## 1. train_test_split

Нужно закодить свою версию train_test_split :)

In [771]:
import random

def my_train_test_split(X, y, test_size=0.2):

    indices = list(range(len(X)))

    test_indices = random.sample(indices, int(test_size * len(X)))

    train_indices = [idx for idx in indices if idx not in test_indices]

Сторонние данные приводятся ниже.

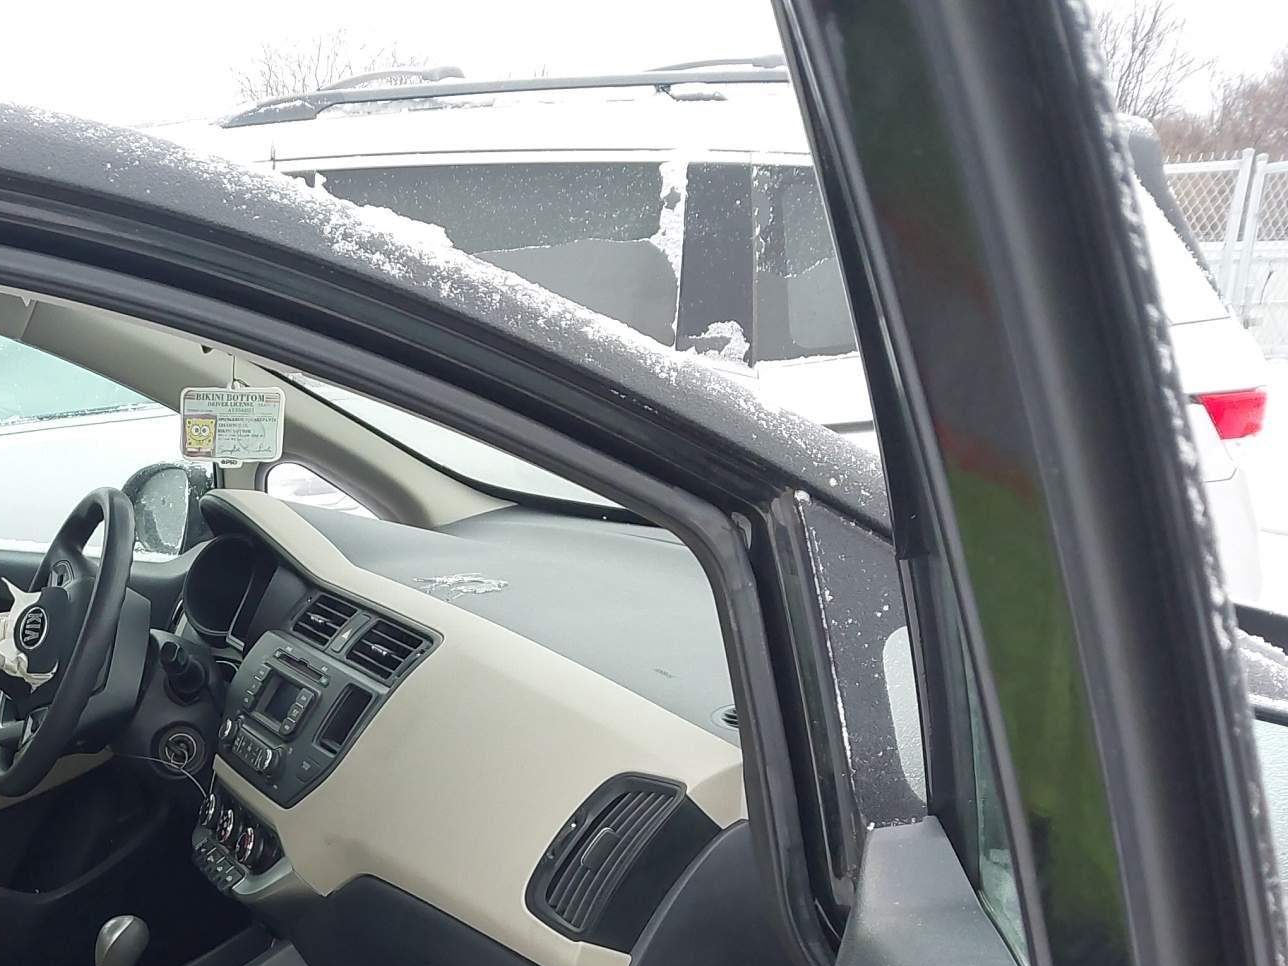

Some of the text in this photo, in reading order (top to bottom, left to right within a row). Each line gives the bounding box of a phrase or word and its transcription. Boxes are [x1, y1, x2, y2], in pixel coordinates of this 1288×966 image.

[196, 393, 265, 402] BIKINI BOTTOM
[23, 612, 43, 642] KIA

    X_train, X_test = X[train_indices], X[test_indices]
    y_train, y_test = y[train_indices], y[test_indices]
    return X_train, X_test, y_train, y_test

In [772]:
# проверка 
import numpy as np

X = np.array([[1, 2], [3, 4], [1, 2], [3, 4], [2, 6]])
y = np.array([1, 0, 0, 0, 1])

X_train, X_test, y_train, y_test = my_train_test_split(X, y, test_size=0.4)

assert X_train.shape == (3, 2)
assert X_test.shape == (2, 2)
assert y_train.shape == (3,)
assert y_test.shape == (2,)


##  2. mae, mse, mape 

In [773]:
def my_mae_score(y_true, y_pred):
    mae = np.mean(np.abs(y_true - y_pred))
    return mae


In [774]:
def my_mse_score(y_true, y_pred):
    mse = np.mean(np.square(y_true - y_pred))
    return mse


In [775]:
def my_mape_score(y_true, y_pred):
    return np.mean(np.abs((y_true - y_pred) / y_true))

In [776]:
######################################################
from sklearn import metrics
y_real = np.array([1,2,3,4,6])
y_pred = np.array([1,3,2,4,5])

mae = my_mae_score(y_real, y_pred)
mse = my_mse_score(y_real, y_pred)
mape = my_mape_score(y_real, y_pred)

eps = 0.0001
assert np.abs(mae - metrics.mean_absolute_error(y_real, y_pred)) < eps
assert np.abs(mse - metrics.mean_squared_error(y_real, y_pred)) < eps
assert np.abs(mape  - metrics.mean_absolute_percentage_error(y_real, y_pred)) < eps
######################################################


## 3. confusion matrix

In [777]:
def my_confusion_matrix(y_true, y_pred):
    tn, fp, fn, tp = 0, 0, 0, 0
    for i in range(len(y_true)):
        if y_true[i] == y_pred[i] == 0:
            tn += 1
        elif y_true[i] == 0 and y_pred[i] == 1:
            fp += 1
        elif y_true[i] == 1 and y_pred[i] == 0:
            fn += 1
        elif y_true[i] == y_pred[i] == 1:
            tp += 1
    return [tn, fp, fn, tp]

In [778]:
#############
y_true = [0, 1, 0, 1, 0, 1, 0, 0, 1, 1]
y_pred = [0, 1, 1, 1, 0, 0, 1, 0, 1, 1]

tn, fp, fn, tp = my_confusion_matrix(y_true, y_pred)
assert tn == 3
assert fp == 2
assert fn == 1
assert tp == 4

###################


## 4. Кросс-валидация

4.1 Напишите свою версию K-Fold кросс валидации


In [779]:
def my_kfold(X, n_splits=5):
    indices = np.arange(len(X))
    np.random.shuffle(indices)

    fold_sizes = np.full(n_splits, len(X) // n_splits, dtype=int)
    fold_sizes[:len(X) % n_splits] += 1
    current = 0
    list_of_indices = []
    for fold_size in fold_sizes:
        start, stop = current, current + fold_size
        val_indices = indices[start:stop]
        train_indices = np.concatenate((indices[:start], indices[stop:]))
        list_of_indices.append([train_indices, val_indices])
        current = stop
    return list_of_indices
    # подсказка - возьмите индексы, перемешайте их и разделите на n_splits частей

    ### ╰( ͡° ͜ʖ ͡° )つ──☆*:・ﾟ
    ## возвращает список из индексов для обучения и валидации
    ## например, для 5 фолдов:
    ## [[train_indices_1, val_indices_1], [train_indices_2, val_indices_2], ...]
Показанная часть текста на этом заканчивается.